* [MATERIAL PROVIDED]
================================

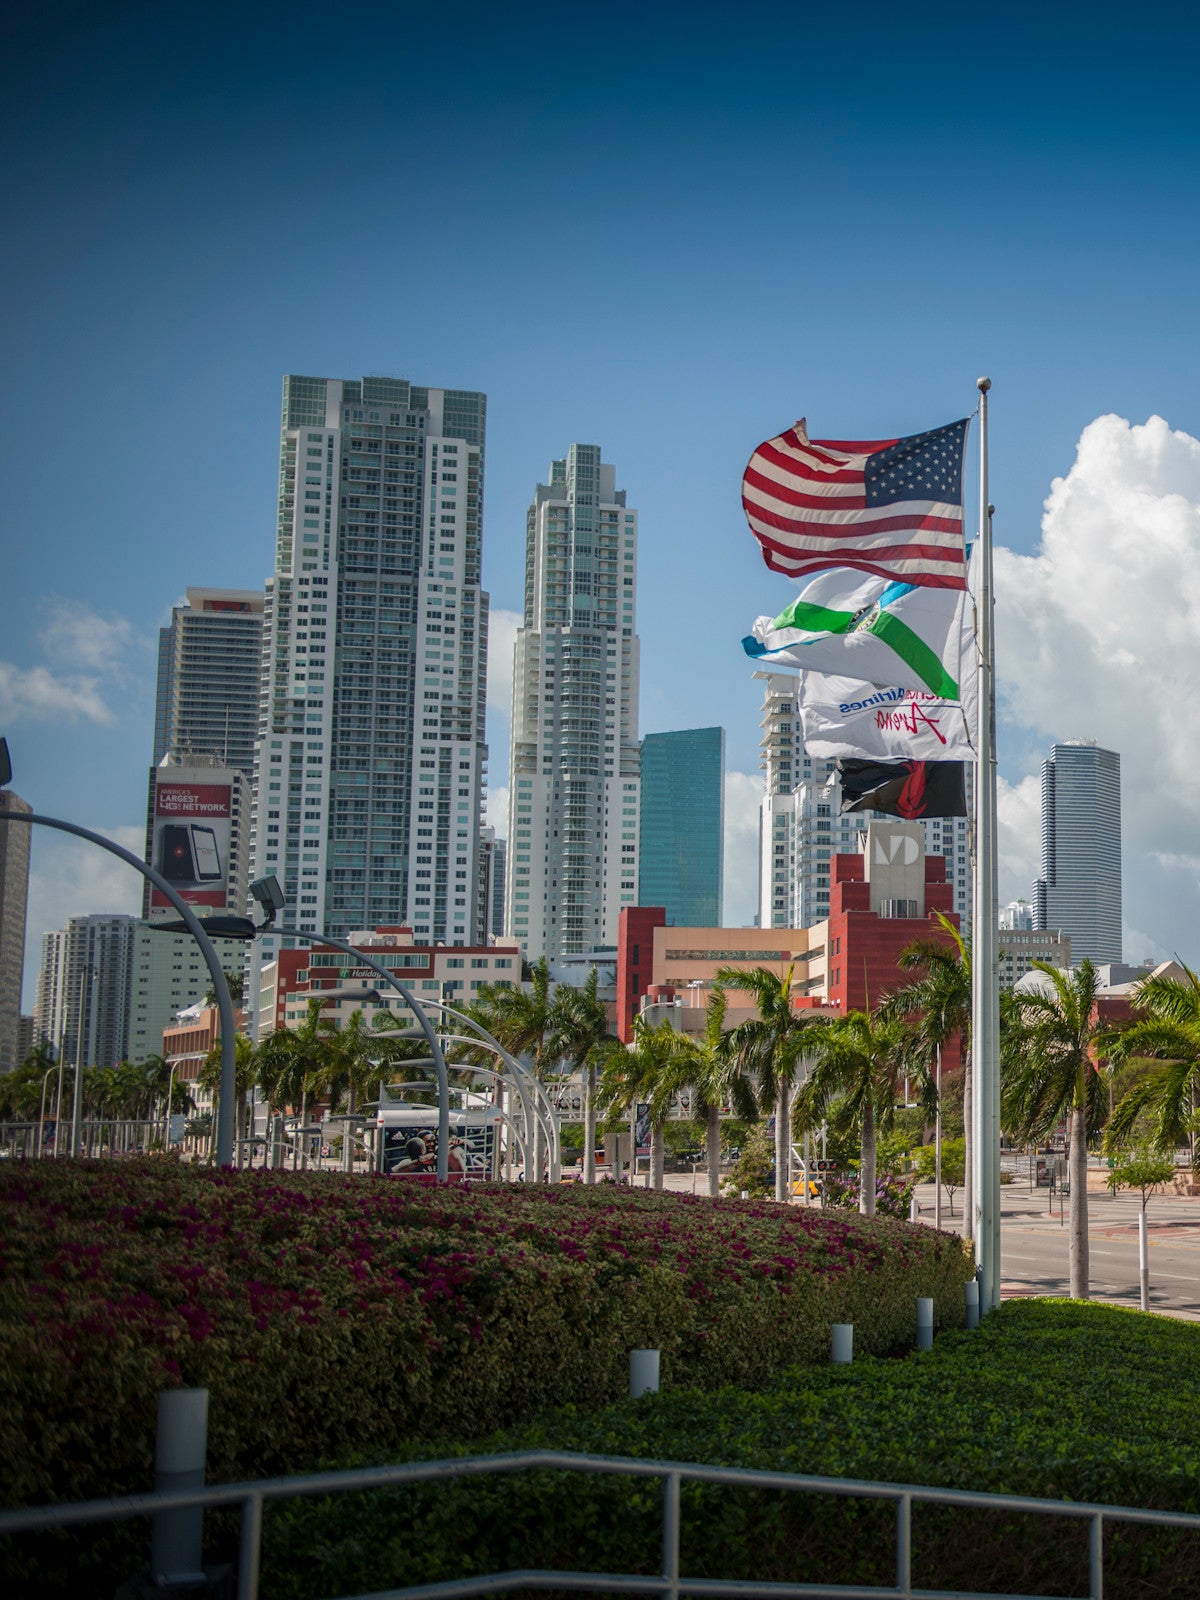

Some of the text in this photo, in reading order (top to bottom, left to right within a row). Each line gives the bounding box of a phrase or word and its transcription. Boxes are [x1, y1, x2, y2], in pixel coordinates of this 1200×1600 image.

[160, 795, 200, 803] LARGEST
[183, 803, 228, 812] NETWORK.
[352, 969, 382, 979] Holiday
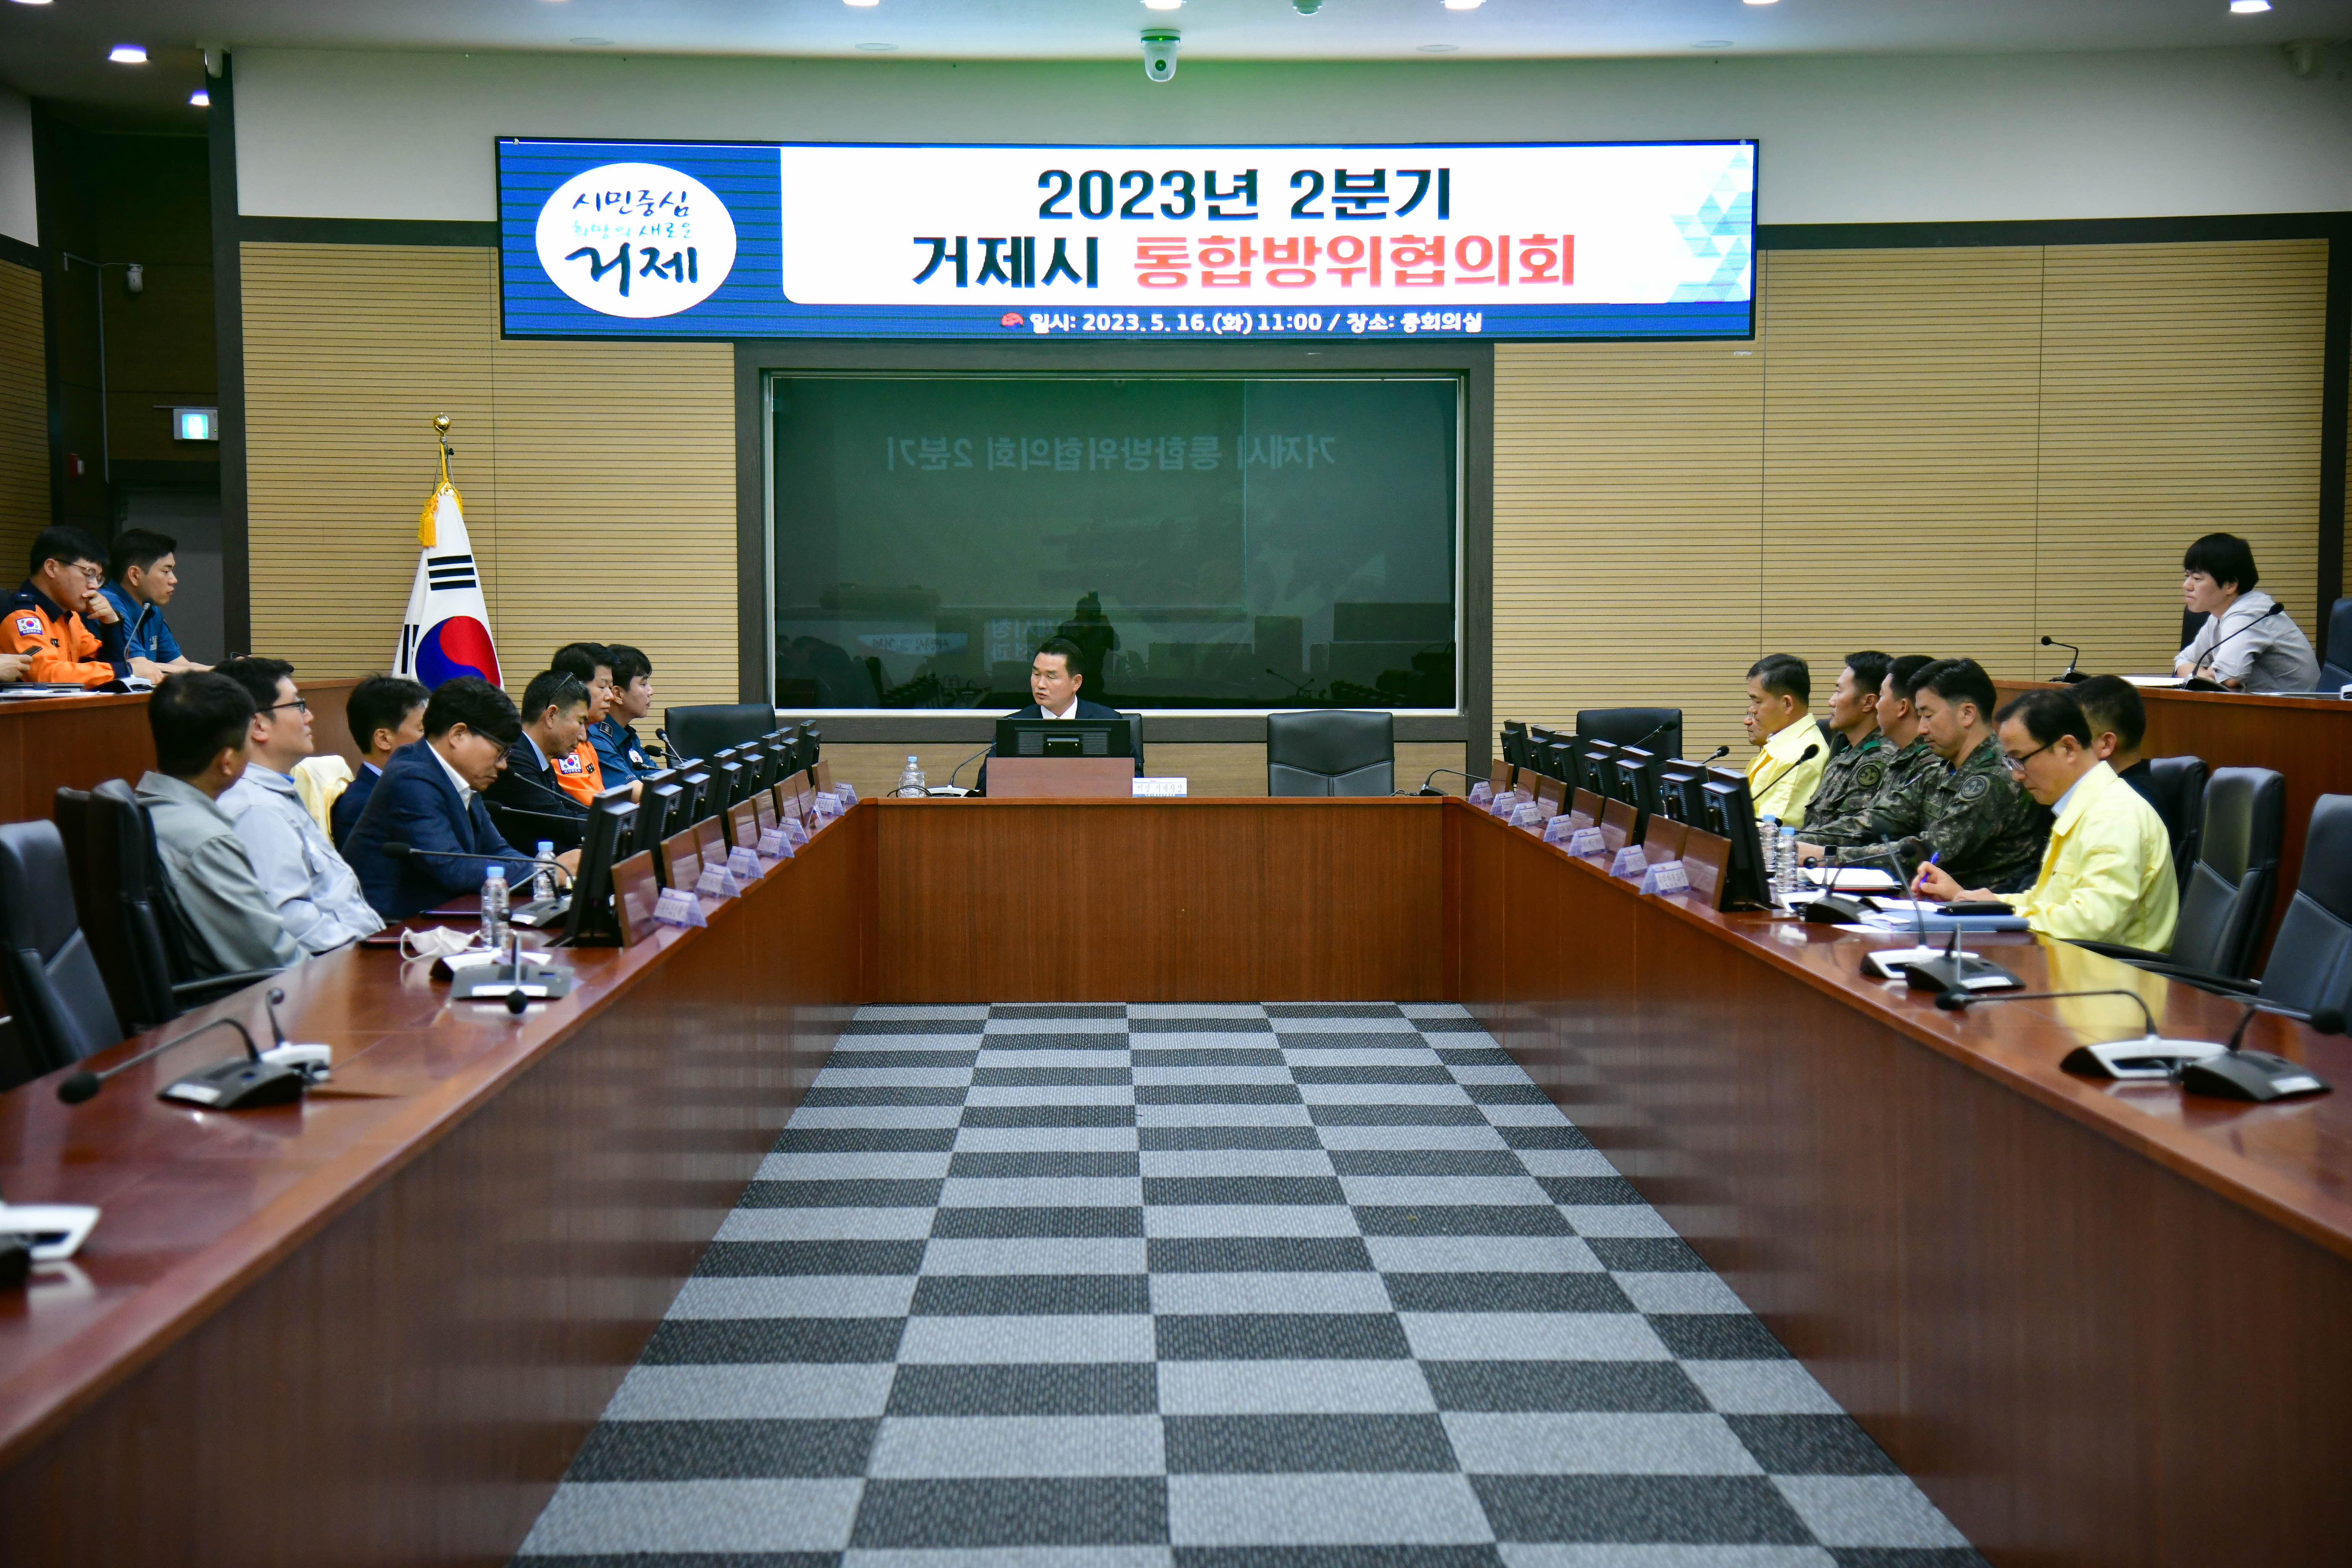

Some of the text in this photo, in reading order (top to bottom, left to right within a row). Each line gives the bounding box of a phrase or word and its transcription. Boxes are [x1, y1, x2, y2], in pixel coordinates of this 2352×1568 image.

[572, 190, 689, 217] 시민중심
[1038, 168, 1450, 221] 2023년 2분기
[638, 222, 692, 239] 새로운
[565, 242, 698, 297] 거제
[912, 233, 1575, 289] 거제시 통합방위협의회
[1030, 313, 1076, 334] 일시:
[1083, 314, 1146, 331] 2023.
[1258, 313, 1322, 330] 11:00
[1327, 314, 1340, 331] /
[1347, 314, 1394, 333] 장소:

================================

* [INSTRUCTIONS TO FOLLOW]
Would you copy every entry exactly as it stands, leaving out the pictures?

* [ANSWER SECTION]
Some of the text in this photo, in reading order (top to bottom, left to right within a row). Each line gives the bounding box of a phrase or word and its transcription. Boxes are [x1, y1, x2, y2], in pixel coordinates of this 1200×1600 image.

[160, 795, 200, 803] LARGEST
[183, 803, 228, 812] NETWORK.
[352, 969, 382, 979] Holiday

Some of the text in this photo, in reading order (top to bottom, left to right within a row). Each line gives the bounding box of a phrase or word and its transcription. Boxes are [x1, y1, x2, y2], in pixel coordinates of this 2352×1568 image.

[572, 190, 689, 217] 시민중심
[1038, 168, 1450, 221] 2023년 2분기
[638, 222, 692, 239] 새로운
[565, 242, 698, 297] 거제
[912, 233, 1575, 289] 거제시 통합방위협의회
[1030, 313, 1076, 334] 일시:
[1083, 314, 1146, 331] 2023.
[1258, 313, 1322, 330] 11:00
[1327, 314, 1340, 331] /
[1347, 314, 1394, 333] 장소:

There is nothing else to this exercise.